Cohen’s presence changes that, although many are skeptical about her first competition since the last Olympics.
“I’m skeptical, I don’t know about anyone else,” Ashley Wagner, who was third as a Junior in 2007 and fourth in Seniors last year, said recently. “If she’s there, she’s there, if she’s not, she’s not. But I’m definitely not counting her out.”
“I think it would be really neat if (Cohen) came back,” Czisny said. “For me, it would difficult to come back after four years. I took a spring and summer off from competing … to take four years off is pretty impressive. It will certainly make it more exciting, more interesting.”

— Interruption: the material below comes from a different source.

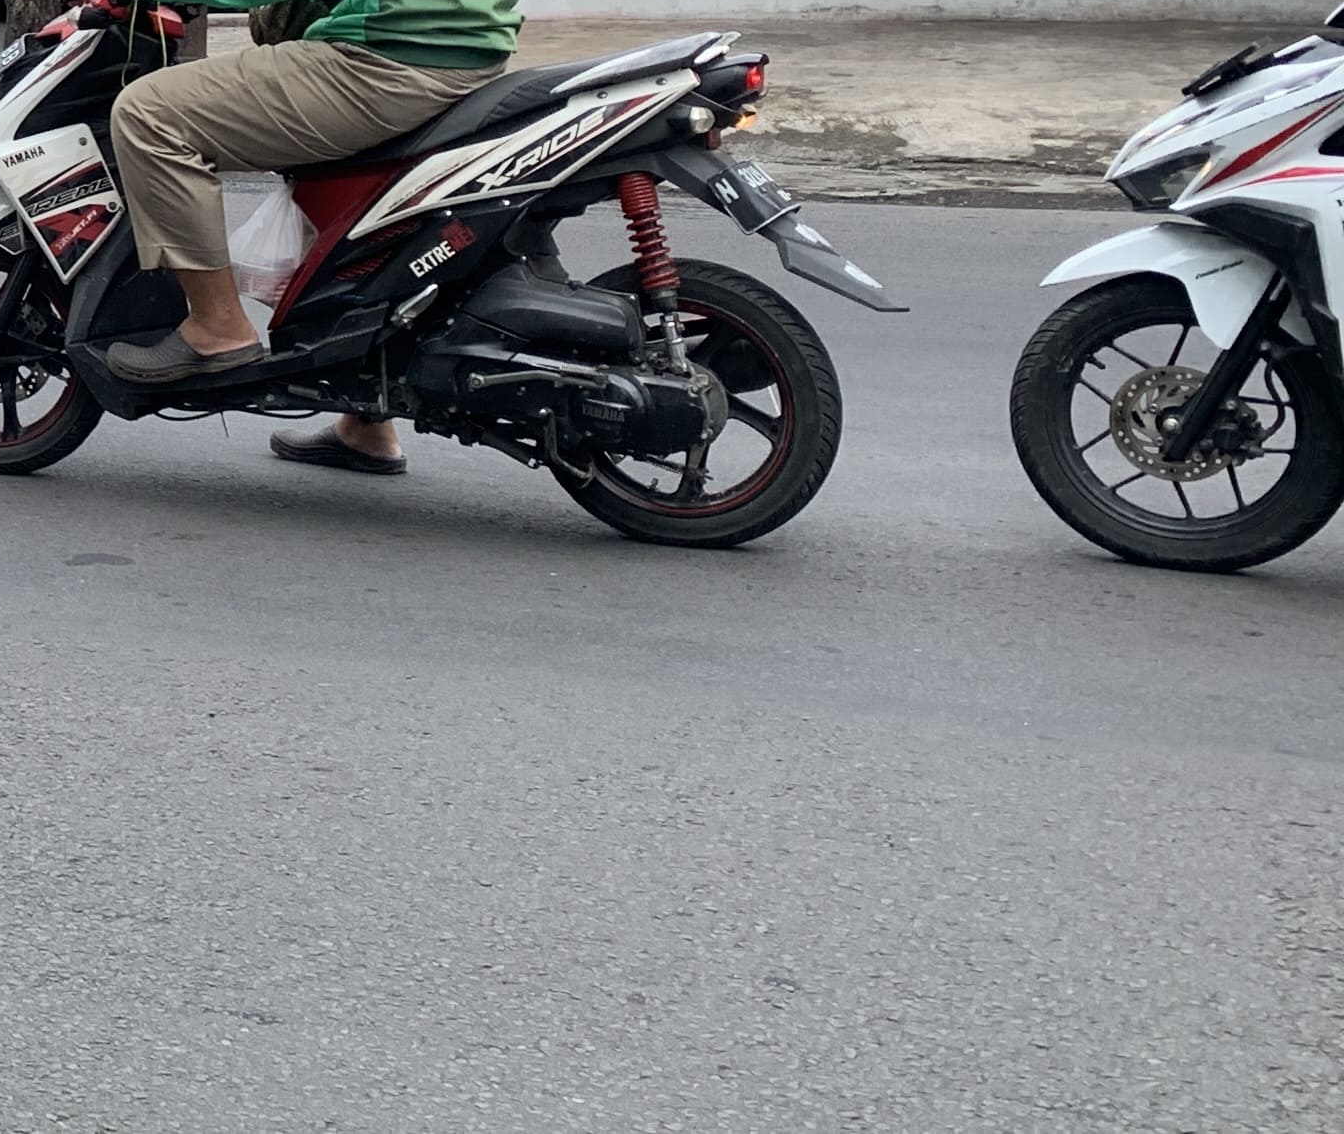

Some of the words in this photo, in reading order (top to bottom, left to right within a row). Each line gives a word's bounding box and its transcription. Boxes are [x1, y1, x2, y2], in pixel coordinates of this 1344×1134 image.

[2, 145, 46, 169] YAMAHA
[476, 105, 608, 194] X-RIDE
[714, 177, 740, 204] N

Belbin and Agosto had four straight Ice Dancing national titles and Olympic silver in ’06 but ceded their throne to Davis and White, who were third in 2007, by withdrawing last year because Agosto had a back injury.
“It’s very different going in not as underdogs,” Davis said. “We’ve always seen ourselves as underdogs. That’s not necessarily the case this year.”
It’s hard to imagine Belbin and Agosto as underdogs. Despite missing nationals, they were second in the last World Championships and won Skate America and Cup of China this season. Davis and White became the first American couple to win the Grand Prix Final (in December).
“I think it’s great, we can feel like the underdogs and fight for the top spot,” Belbin said. “We’re very proud of them … and very anxious to go up against them. That’s what we need to go into the Olympic Games.”
In recent years the same names have been on the podium for Pairs, though the order has been fluid.
Brooke Castile and Benjamin Okolski were the Spokane champions in 2007 when McLaughlin and Rockne were Junior champs.
In the two seasons since McLaughlin and Brubaker have ruled the Seniors, Castile and Okolski were third and fifth.
Amanda Evora and Mark Ladwig were fourth in Spokane and again last year. Caydee Dennney and Jeremy Barrett became a factor last year, their first together, finishing second.
And then there are Rene Inoue and John Baldwin, who have been in the top three the past seven years with titles in 2004 and 2006, when they were fourth at the World Championships and seventh in the Olympics.
Though favored to make the Olympic team, McLaughlin and Brubaker have tried to remain focused on the task at hand.
“Training is training,” McLaughlin said. “You have to train the same way for every competition. We’re trying to take it one step at a time. We know if we prepare ourselves right mentally and physically we’re going to be OK.”